Black Widow (1954) filmada en Cinemascope, es una pieza que aparentemente se encuentra mucho más cerca de Agatha Christie que de Raymond Chandler. Sin embargo, ¿acaso toda la literatura negra (y, por ende, el cine noir) no nacen de la matriz inacabable de la literatura tradicional de crimen y misterio? Nunnally Johnson establece una narración lineal, típica de la época, pero también asume el riesgo de experimentar con los tiempos hacia el final del metraje, cuando ya se dilucidan los misterios. La historia es sencilla y está muy bien engranada, aunque el epílogo no deja de ser forzado. Una hermosa imagen colorida de New York desde la amplísima ventana del apartamento al que arriba Nancy Ordway (la ex estrella infantil Peggy Ann Gardner) da cuenta de las bonanzas del Cinemascope y alejan a este filme del tradicionalismo, aunque aún haya lugar para convencionalismos argumentales como la presencia de la mujer fría y manipuladora que convierte en víctima a su presa, el infausto Peter Denver, quien tiene que salvarse así mismo ejerciendo como investigador de la farsa que se ha montado. Gene Tierney, en un papel absolutamente diferente al de Leave Her To Heaven, demuestra cuán gran actriz era. Van Heflin, Ginger Rogers, Reginald Gardner y el mítico George Raft, aquí haciendo el papel de un escéptico policía, completan un reparto clásico e inolvidable.

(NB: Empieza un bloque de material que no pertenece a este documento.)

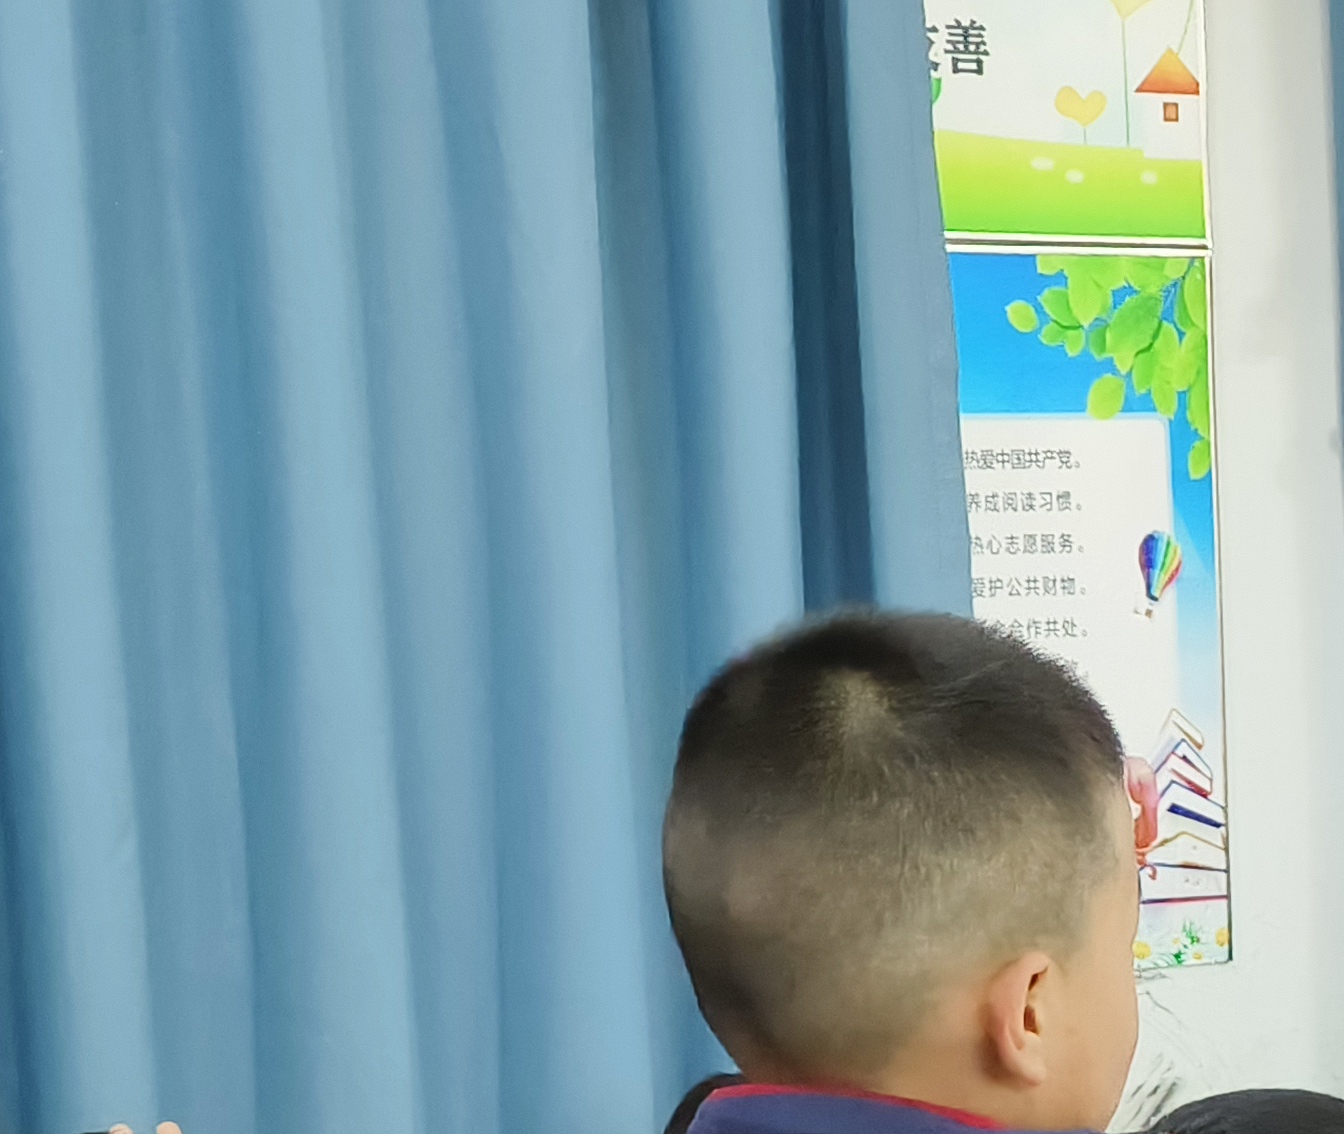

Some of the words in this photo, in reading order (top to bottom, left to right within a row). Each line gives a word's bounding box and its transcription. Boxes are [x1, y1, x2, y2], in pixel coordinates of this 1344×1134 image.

[964, 448, 1081, 470] 热爱中国共产党。
[966, 491, 1082, 513] 养成阅读习惯。
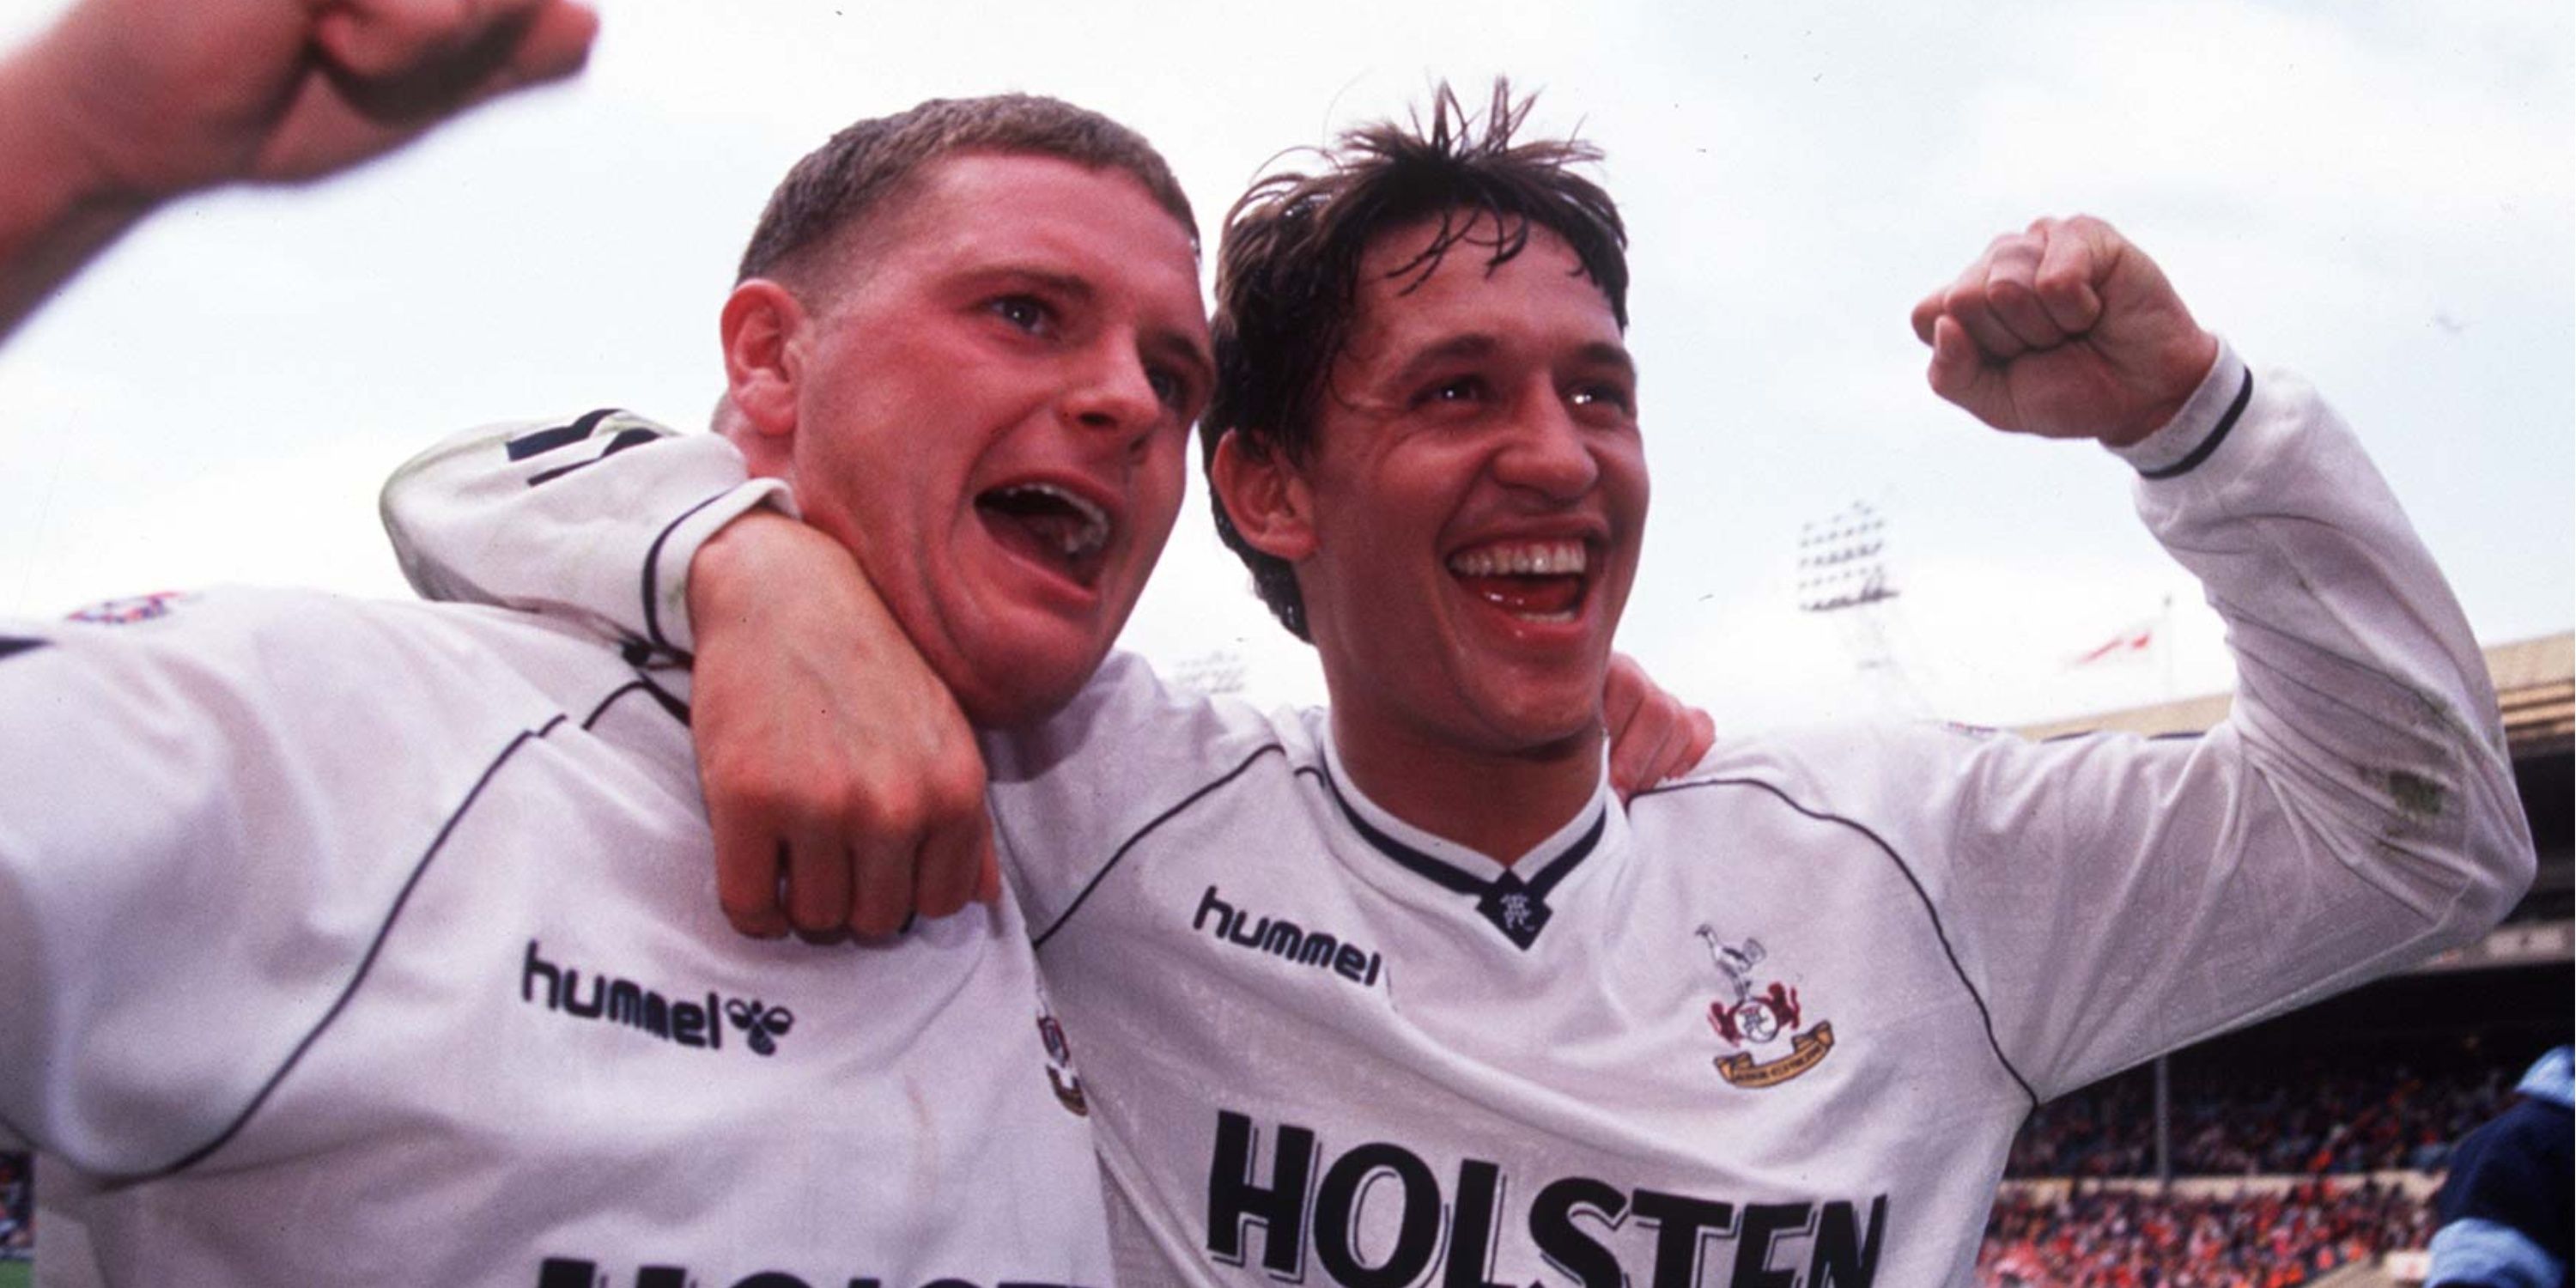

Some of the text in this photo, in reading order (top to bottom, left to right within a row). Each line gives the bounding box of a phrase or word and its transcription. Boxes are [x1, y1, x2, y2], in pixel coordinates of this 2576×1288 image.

[1193, 885, 1381, 987] hummel
[522, 939, 720, 1049] hummel
[1207, 1109, 1888, 1288] HOLSTEN
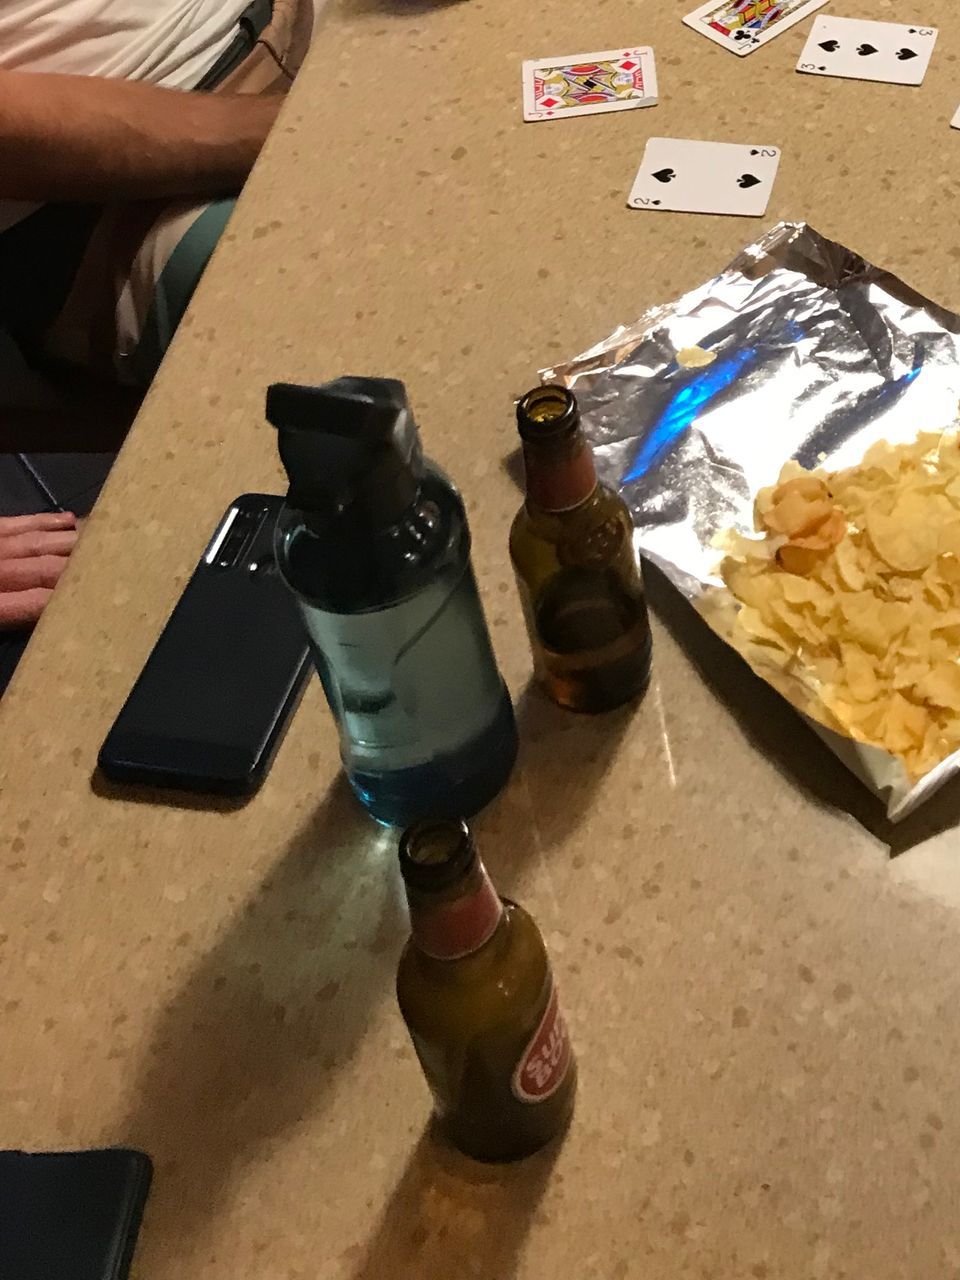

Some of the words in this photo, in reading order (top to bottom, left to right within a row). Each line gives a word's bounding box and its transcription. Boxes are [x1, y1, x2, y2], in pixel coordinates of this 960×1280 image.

[918, 28, 934, 37] 3
[800, 62, 816, 71] 3
[760, 148, 777, 158] 2
[633, 196, 650, 206] 2
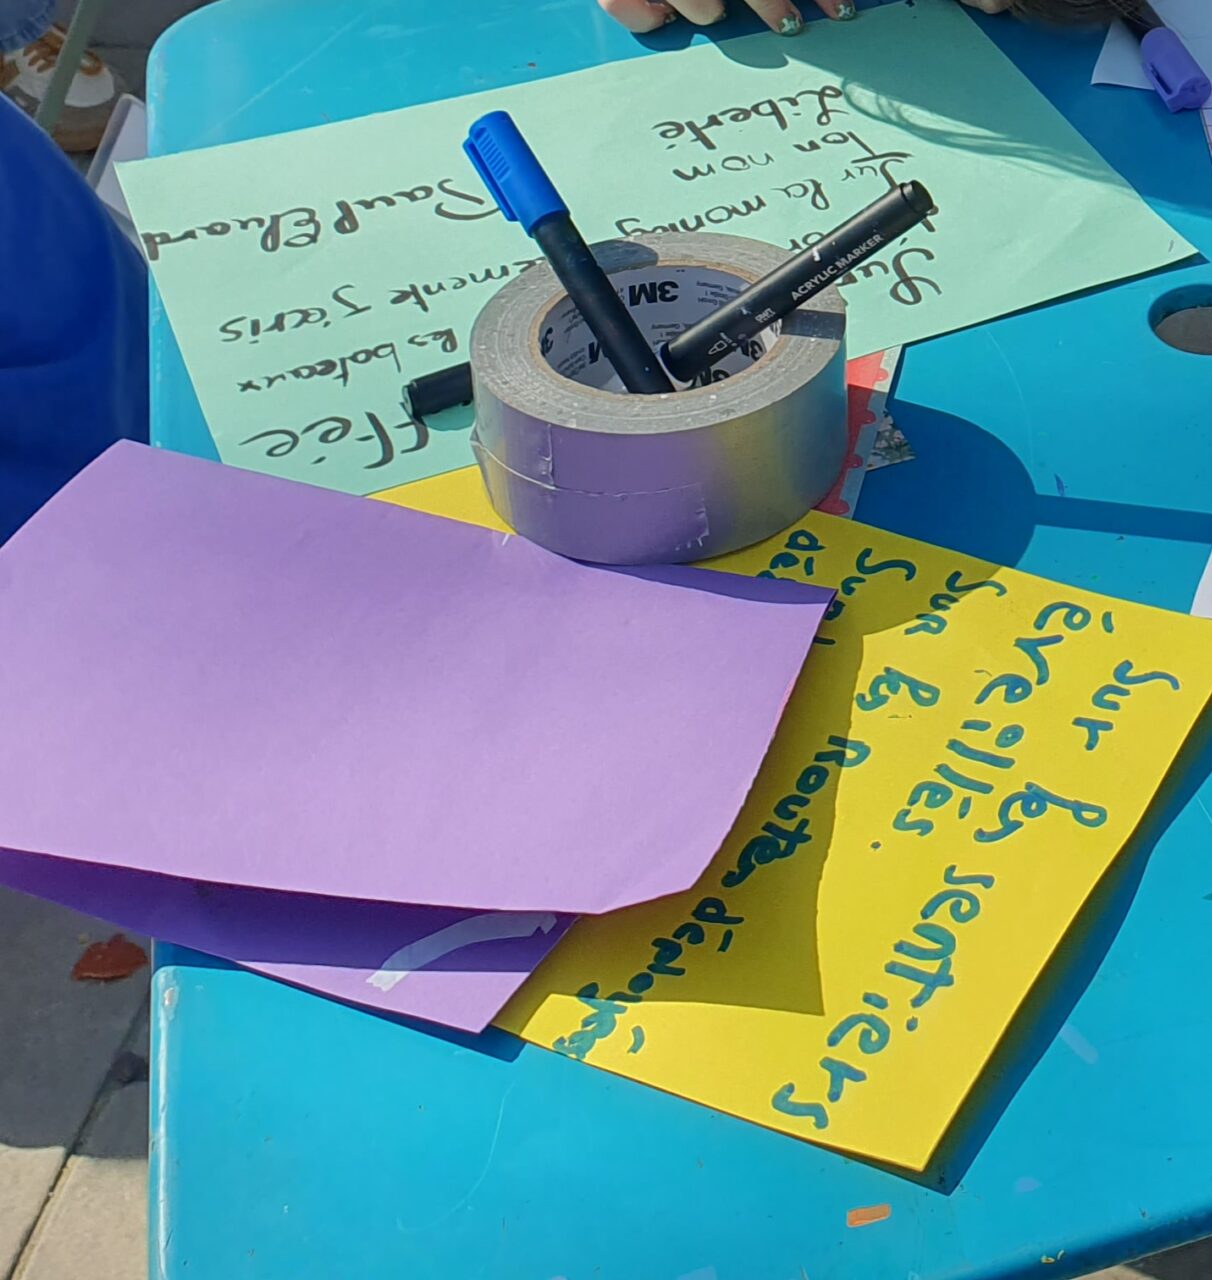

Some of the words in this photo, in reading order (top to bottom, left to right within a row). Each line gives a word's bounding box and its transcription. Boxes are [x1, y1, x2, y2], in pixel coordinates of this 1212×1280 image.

House Of Bamboo (1955), dirigida por Samuel Fuller y filmada en CinemaScope y en DeLuxe Color, fue una de varias películas de la 20th Century Fox producidas por Buddy Adler que se rodaron en Asia en la década de los cincuenta. La historia creada por Harry Kleiner, un guionista puro, es una especie de antecedente del Black Rain de Scott al desarrollarse en Japón, donde investigadores norteamericanos investigan la muerte de un sargento militar. Pero mientras Scott tiñe de oscuro su historia y sus personajes, Fuller realza sus colores. El tema no es característico del cine negro. Es en realidad una cinta policiaca casi ortodoxa, con un cierto componente del cine gansteril, una rareza conceptual y argumental para la década en que fue filmada. En términos estéticos e incluso argumentales, House of Bamboo no es una cinta noir. Y si acaso resalta algo es la fotografía del veterano Joseph MacDonald, que ya antes de este trabajo había estado a cargo de la cinematografía de Viva Zapata, el filme de Kazan. Un tren que atraviesa los sembrados helados frente al monte Fuji en Yokohama. El Tokio primitivo de la posguerra con sus aceras mullidas y sus viejos edificios… Ninguno de los cinco ejemplos enumerados aquí es un arquetipo paradigmático del cine negro, eso ya lo sabemos. Y quizás muchísimas otras obras conceptualizadas dentro del género tampoco lo sean. Una pieza exacta que responda a los cánones previamente establecidos en cualquier manifestación del arte es casi un imposible reservado a los puristas. Leave Her To Heaven, más melodrama que otra cosa; Desert Fury, una rareza cuasi inclasificable; Niagara, una pieza de claros tintes hitchcocknianos; Black Widow, un policiaco a la usanza de los escritores de «misterio» (esta denominación también suele otorgarse al cine y la literatura noir, cosa con la que no concuerdo); y la historia de Fuller de House Of Bamboo son muestras de un cine vibrante que, sin embargo, nunca se les debió haber colgado el cartelito de maras.